Unfortunately, what Koch found was that, due to the shade provided by the abundant trees she loved, her home would not receive enough sunlight to justify solar installations to generate electricity or heat water. There wasn’t enough wind to drive a small turbine. Nor was geothermal heating a great choice as the drilling would have to be vertical and extremely expensive.
Koch and Keenan settled on a radical alternative: Passive solar or solar orientation. They had their whole home designed to align with the sun, absorb as much energy as possible and, through extremely efficient insulation, retain it. The design used recycled materials where possible, recycles rainwater, employs a super-efficient hybrid gas and electric heating system and seeks to minimize environmental impact, right down to replacing lawn areas with attractive but drought-resistant plants.
Koch said that her motivation was to dramatically reduce their carbon footprint and increase the sustainability of their lifestyle. The new home does not include a garage, but makes excellent use of all available space, including the conversion of the basement into an in-law/guest suite. Koch said that, while she was aware of some of the extremely adventurous alternatives to large home living, such as the playhouse-sized 100-250 square foot houses offered by Jay Shafer of Tumbleweed Tiny House Company, it would not have been a good option.
a good option.
“My daughters would have killed me,” she joked.
The custom design and build option is not for everyone. Construction costs were about $175 per square foot.

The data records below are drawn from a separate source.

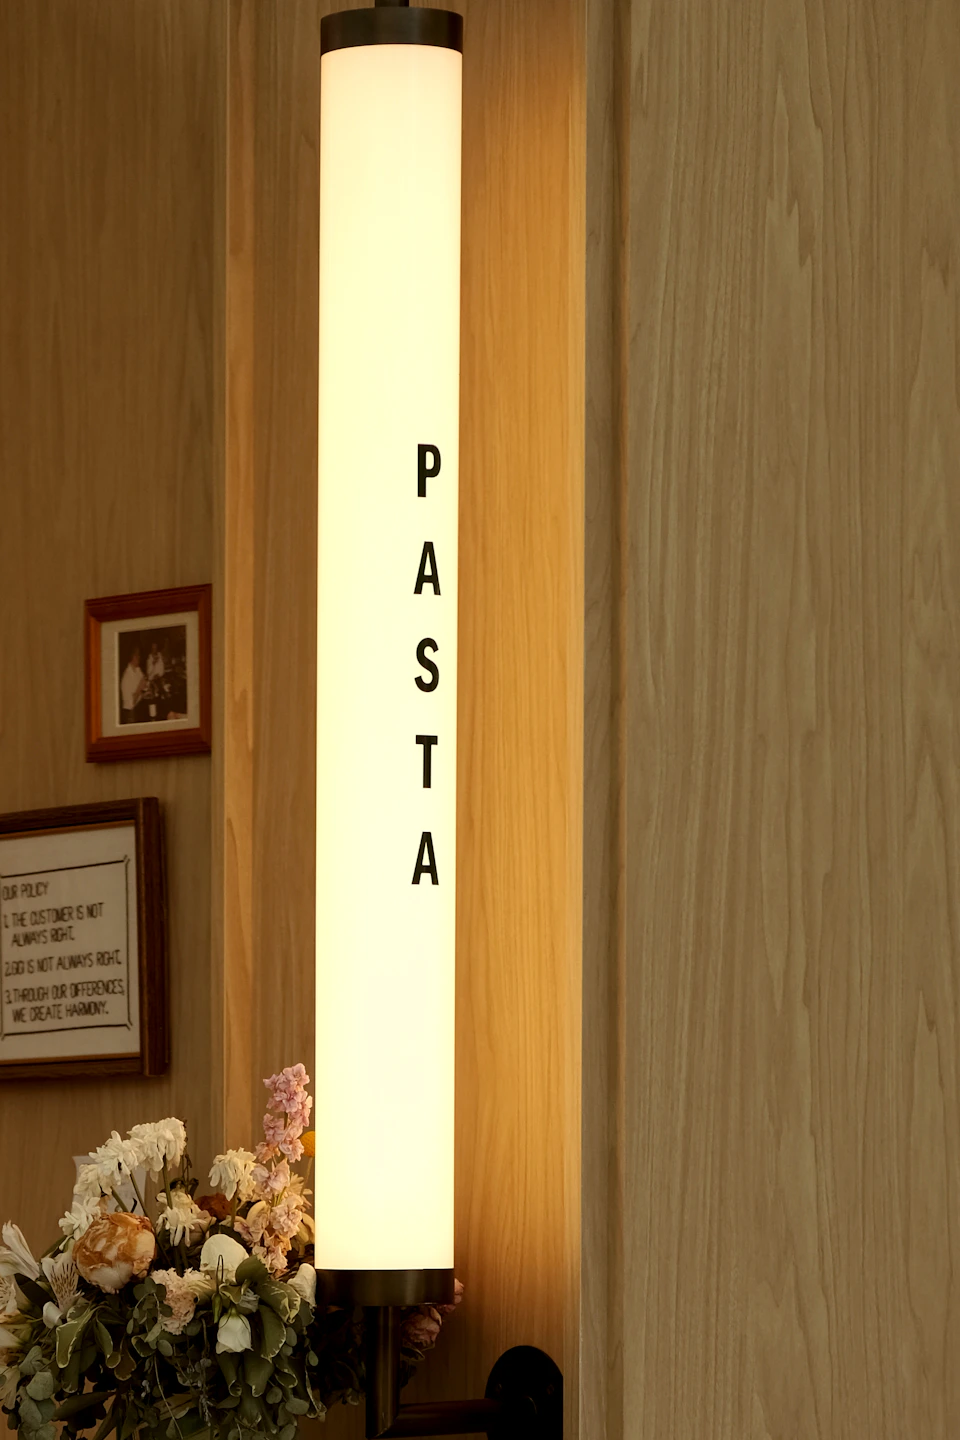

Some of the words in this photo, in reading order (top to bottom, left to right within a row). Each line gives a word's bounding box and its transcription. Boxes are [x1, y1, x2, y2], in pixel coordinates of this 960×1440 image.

[411, 443, 441, 886] PASTA
[2, 883, 17, 900] OUR
[20, 881, 50, 897] POLICY
[12, 911, 27, 927] THE
[30, 906, 74, 926] CUSTOMER
[76, 904, 84, 919] IS
[86, 902, 104, 918] NOT
[11, 929, 47, 947] ALWAYS
[27, 959, 35, 973] IS
[37, 956, 54, 972] NOT
[56, 952, 93, 970] ALWAYS
[51, 983, 67, 1000] OUR
[70, 978, 125, 997] DIFFERENCES,
[12, 1007, 27, 1023] WE
[29, 1003, 62, 1022] CREATE
[65, 1000, 109, 1020] HARMONY.

“If you are planning to go that route, you should get the best possible advice to plan your budget, and then double it,” Koch joked. “You also need to think about what level of stress you can handle. It can be very rewarding to build a custom home, but it can also be very stressful, time-consuming and expensive.”

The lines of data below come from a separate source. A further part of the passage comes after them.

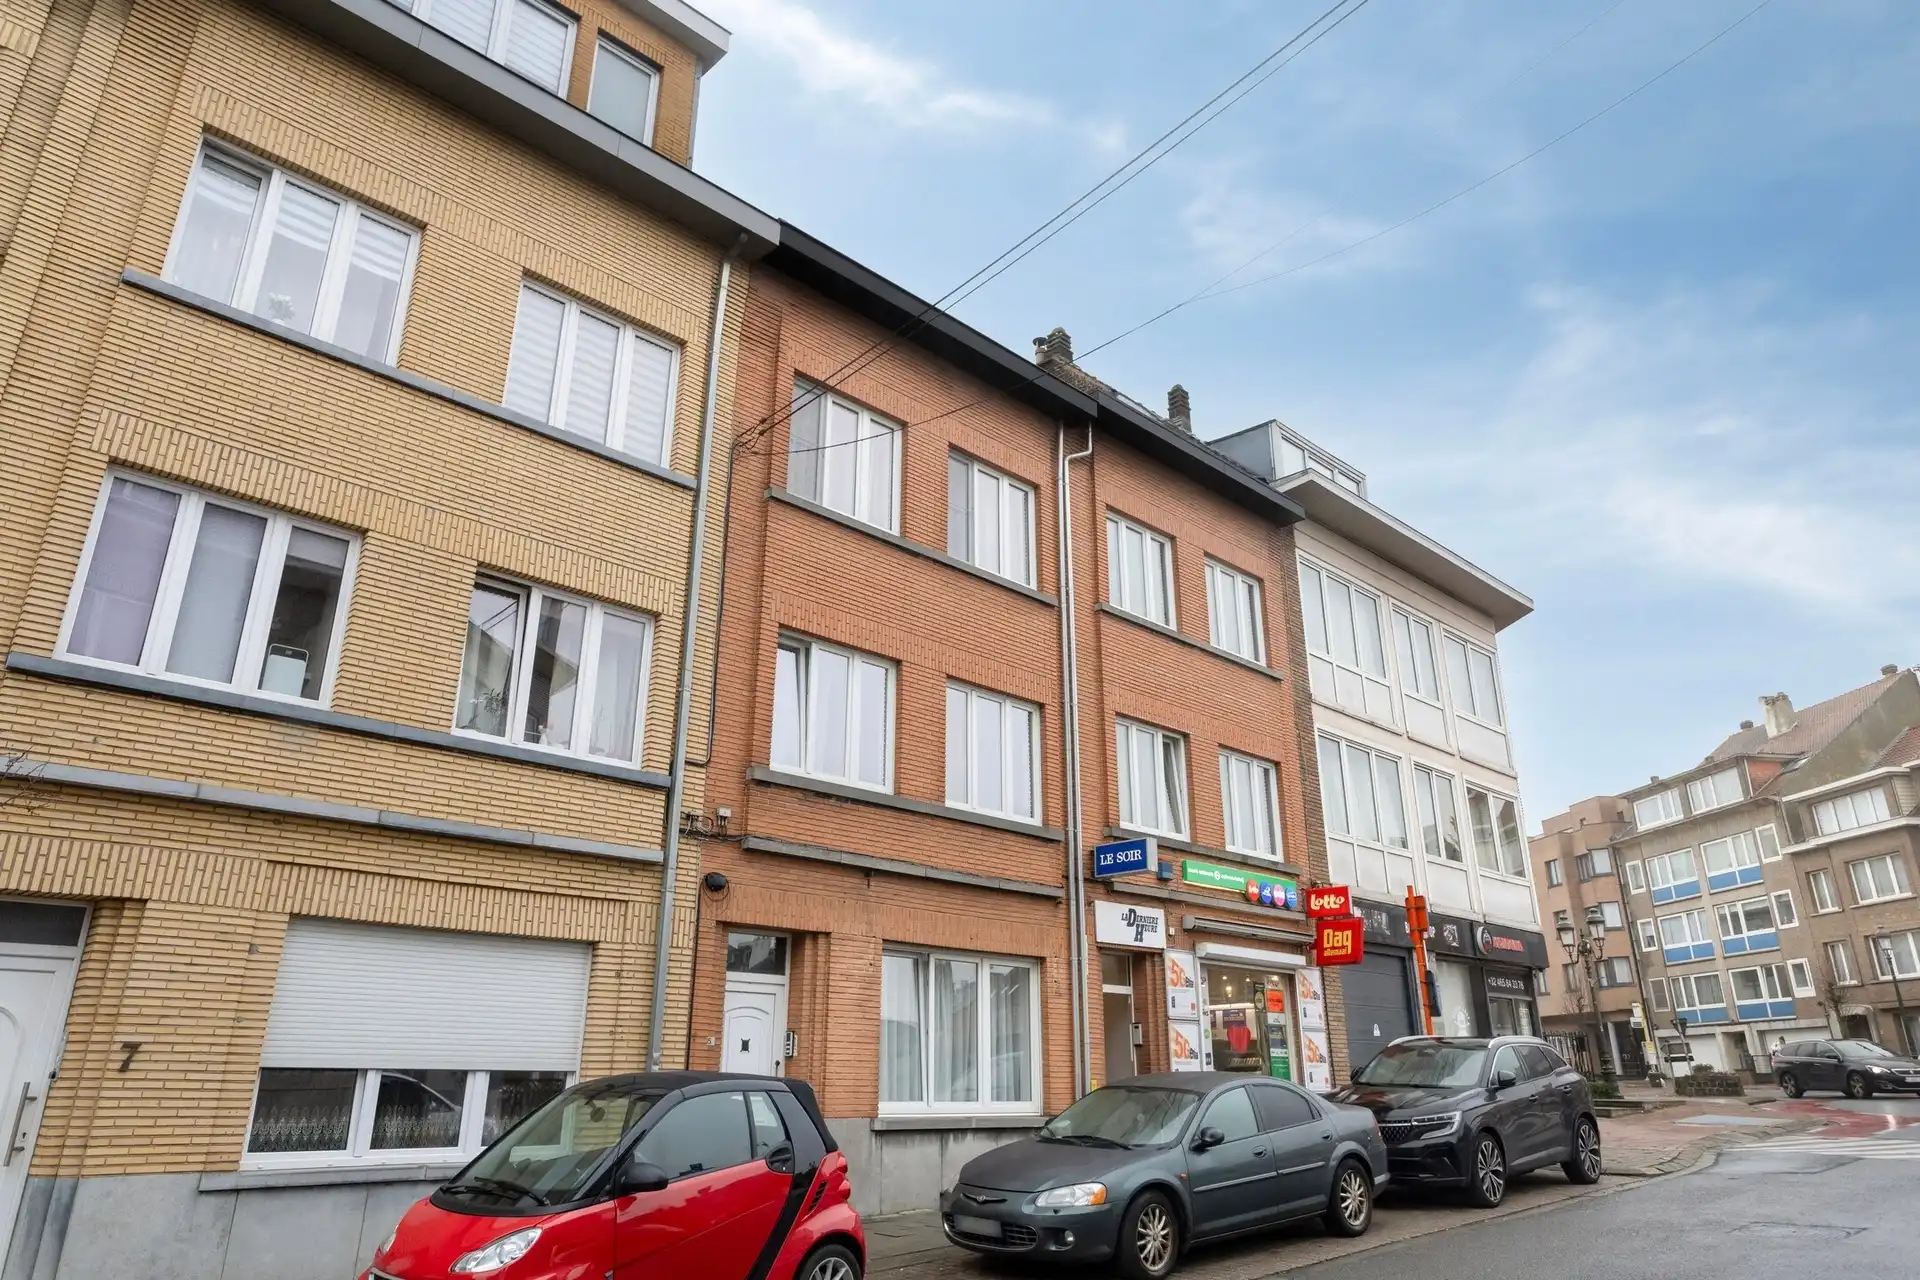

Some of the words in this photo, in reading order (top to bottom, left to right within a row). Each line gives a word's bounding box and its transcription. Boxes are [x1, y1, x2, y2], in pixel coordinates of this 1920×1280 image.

[1100, 853, 1114, 865] LE
[1116, 849, 1142, 863] SOIR
[1121, 912, 1128, 922] LA
[1133, 923, 1158, 943] HEURE
[1323, 928, 1352, 955] Dag
[117, 1041, 142, 1073] 7

Asked what advice she would give prospective green home owners, Koch said, “You do not need to build a new home and design everything from scratch to radically lower your carbon footprint. There are increasing numbers of builders offering established green home packages, but, for most homeowners, the greenest thing you can do is to insulate your home thoroughly, visit the Energy Star website and replace old and failing appliances with Energy Star-rated efficient appliances, only have them on when you are using them, and make the best possible use of the space you have.”
To help others find their way to greener living, Koch writes a blog detailing her family’s experiences that also covers news from the wider movement toward a more sustainable lifestyle.

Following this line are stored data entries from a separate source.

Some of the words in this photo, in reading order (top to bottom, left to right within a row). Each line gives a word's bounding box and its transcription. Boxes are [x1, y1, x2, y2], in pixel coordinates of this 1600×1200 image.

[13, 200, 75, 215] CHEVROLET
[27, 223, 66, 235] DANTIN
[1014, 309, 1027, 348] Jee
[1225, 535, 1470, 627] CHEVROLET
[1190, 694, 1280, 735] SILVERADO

For Koch, sustainability is about more than minimizing our impact on the environment: “It is also an economic issue,” she said. “If we spend less time working to support our lifestyle, we can enjoy life a little more.”
“Right-sized Green” is now being considered for a LEED (Leadership in Energy and Environmental Design) Platinum certification, the highest national benchmark, from the U.S. Green Building Council, and, although it is too early to compare utility bills, Koch said, hopefully, “We haven’t turned on the heat yet. Even when we’ve had several consecutive days in the low 50s, our house has stayed at 69 degrees or higher.”